I quote one of Marshall McLuhan’s maxims a lot when I’m talking to people about the future of print media: “New media turn old media into art forms.” But the rule is really generalizable to the whole economy: art is what is left over after you have automated everything you can. Print media used to be a utilitarian means of getting information into people’s hands, fast and cheap; to the degree these media have any future, it will be as art objects, as non-utilitarian objects of contemplation and admiration and surprise.

So I tell young people who want to work in journalism that with every decade, artistic values will be privileged more and more. You had better be prepared to be a distinct individual, to treat your particular line of work as a craft rather than a job, to seek out the style or the method or the niche that no one else is in; nobody’s going to need you to knock out pyramid-style copy on deadline or take trite photos from accident scenes. There’s going to be a reversion to artisanship.
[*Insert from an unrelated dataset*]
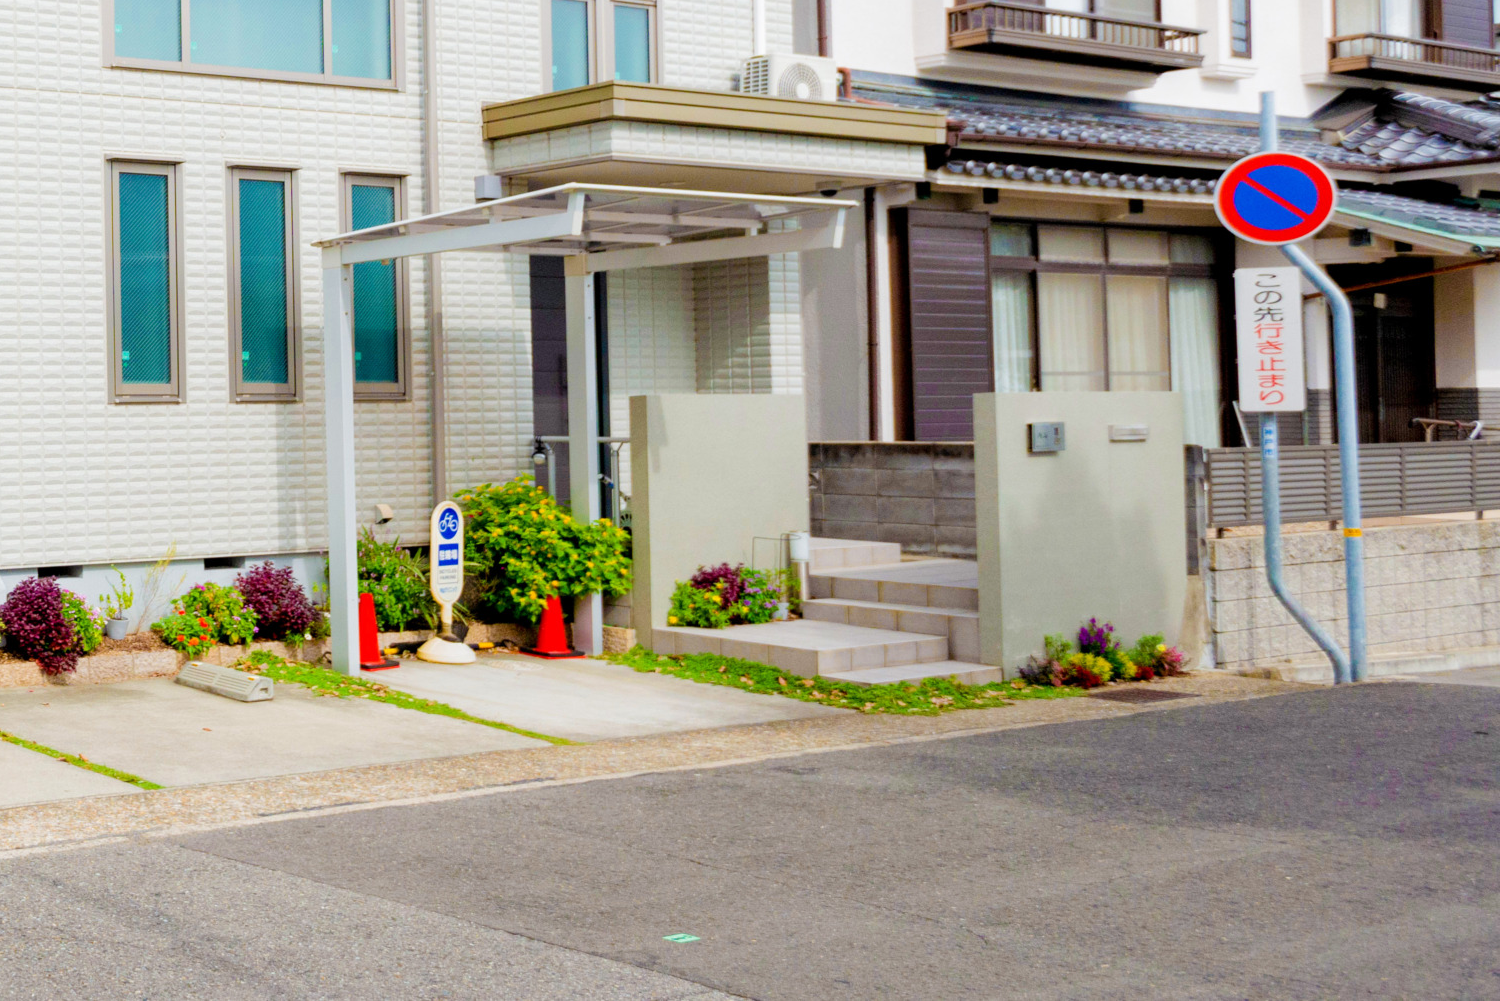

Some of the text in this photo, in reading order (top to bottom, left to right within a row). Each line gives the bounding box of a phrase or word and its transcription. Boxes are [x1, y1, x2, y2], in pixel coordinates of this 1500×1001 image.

But the advice applies just as well everywhere; the urban food scene is only the most incredibly glaring example. When I go home to the farm to visit my folks, what do I see all around me in the eternally crisis-riddled agrarian economy? Some of these people are still in the serious business of feeding a nation (not necessarily our nation); but everywhere you look, someone or other is messing about with alpacas or wild boar sausage or lupins or hemp. These are artisanal goods, or goods ultimately intended for an artisanal market, as opposed to agricultural commodities. The idea that “family farms” are going to supply mere commodities profitably is already a couple hundred years out of date; automation of the harvest is increasing every year, bringing with it whispers of industrial logic and industrial scale, and public policy will eventually facilitate that if we have any sense. A family farm, if it wishes to survive for its own sake, should logically make something that only a family can make.

How do we picture a world in which the technological utopia has arrived and the necessities of living are supplied cheaply by intelligent automata? Surely it’s William Morris’s world, a world in which people pursue the making of things that are not mass-produced, specifically for their non-mass-producedness. Things, in short, that reveal the signature of the individual creative mind. Taken to the Napoleon of Notting Hill-esque extreme, it’s a world in which manhole covers feature intricate carvings of the Four Evangelists, and fire hydrants have elaborate brass accents, and neighbours compete to have the nicest bespoke mailbox. Morris’s socialist utopia of artisans was impractical, but note that the human appreciation for handmade things is strong enough and innate enough that his various workshops were mostly successful commercially, even as his misdirected anti-capitalist ideas fell flat. When he laboriously revived old typefaces and old forgotten fabric dyes and made strident arguments for their superiority, people responded with cash. Perhaps for no better reason than that some human voice was making the argument.